Summer in the Land of Skin
Page 9
After he’s gone, I collapse into one of the ugly porch chairs. I stare at the upstairs window of Gottlieb’s; I was there, I think, and now I’m here. I remember the milkmaid wallpaper and the orange shag carpet. What a different world I live in now. I think of my beige apartment in San Francisco, my beige towels, the wool army blanket on my bed. I sit there, picking at the exposed foam on the arm of the chair, watching the moon. It’s almost full, surrounded by a soft halo.

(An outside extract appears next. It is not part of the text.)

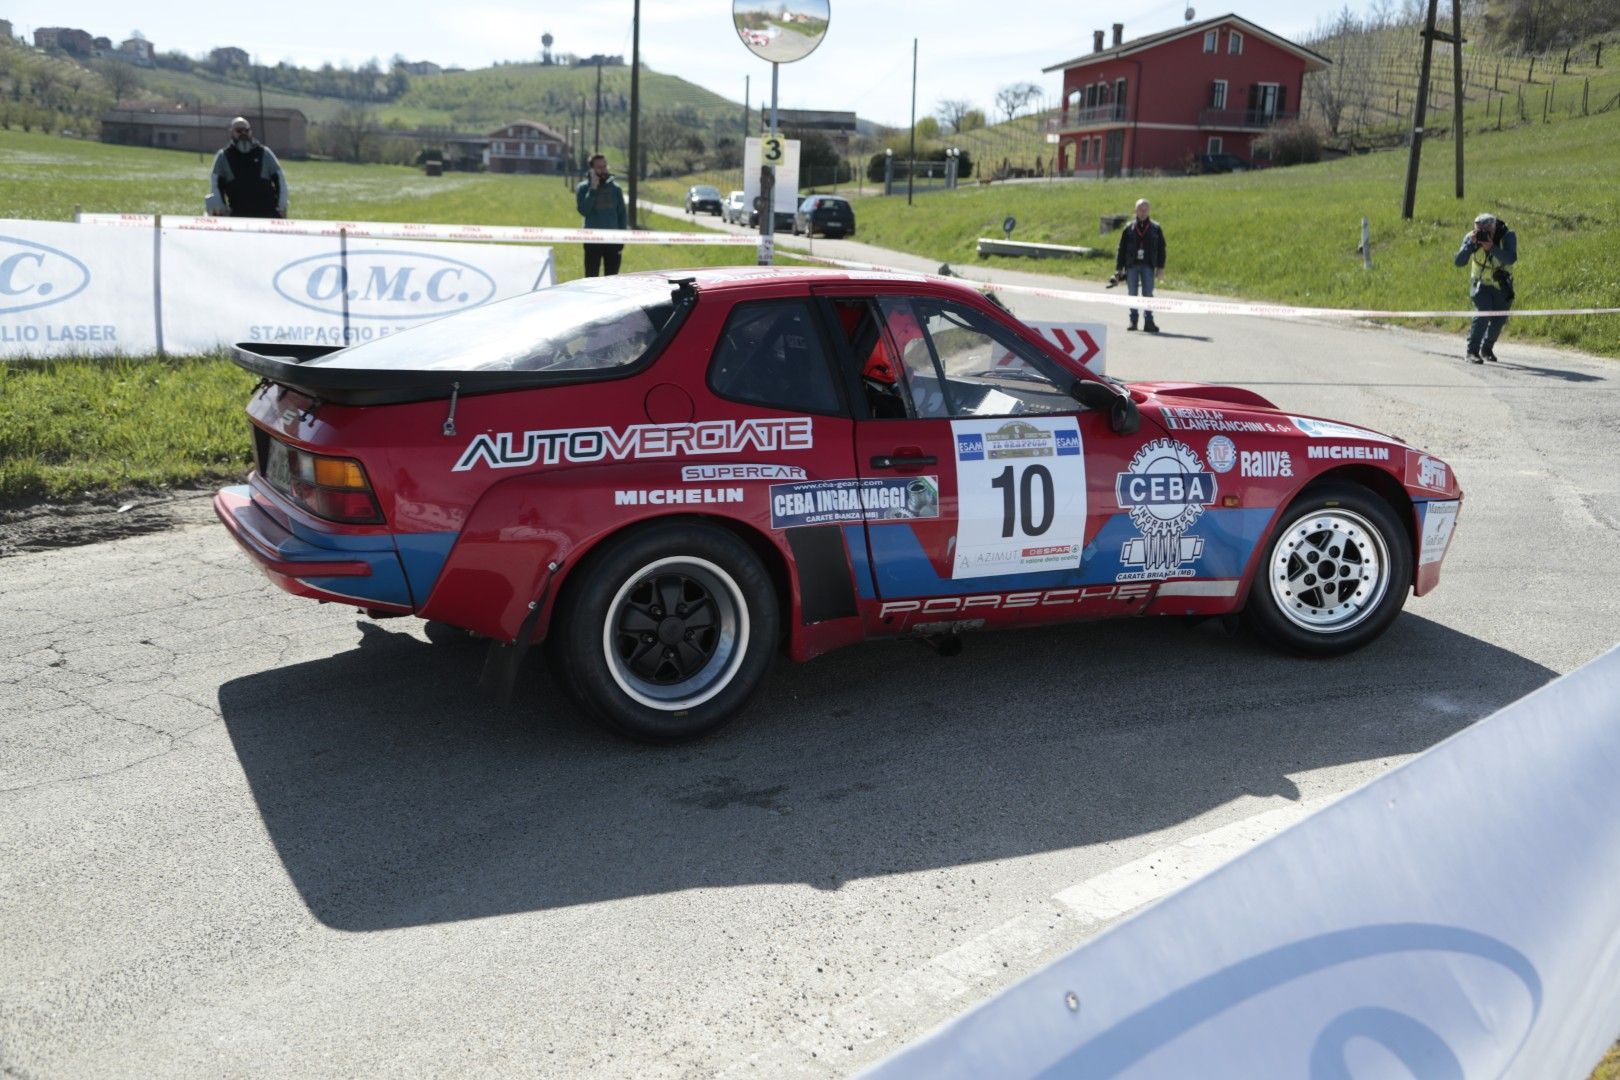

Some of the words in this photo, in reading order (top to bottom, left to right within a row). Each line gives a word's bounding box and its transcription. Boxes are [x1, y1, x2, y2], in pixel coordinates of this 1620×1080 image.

I realize now what made me think of Rodney McNair. Grady has that same look, with the same maddening quarterback confidence. He’s the kind of boy I wanted in high school—someone I could go to the prom with and keep a photo of in my wallet. My mother would fawn over Grady; he’s funny and slick, the human equivalent of her silver Fiat. If I dated him I’m sure she’d view it as a miraculous evolutionary leap—Derek is a one-celled organism compared to him. But when I try to think of Grady in a sexual way, my mind drifts stubbornly back to Arlan: his eyes catching mine in the Ranch Room; our conversation on the way home; the song he played when we couldn’t sleep, so plaintive and lonely.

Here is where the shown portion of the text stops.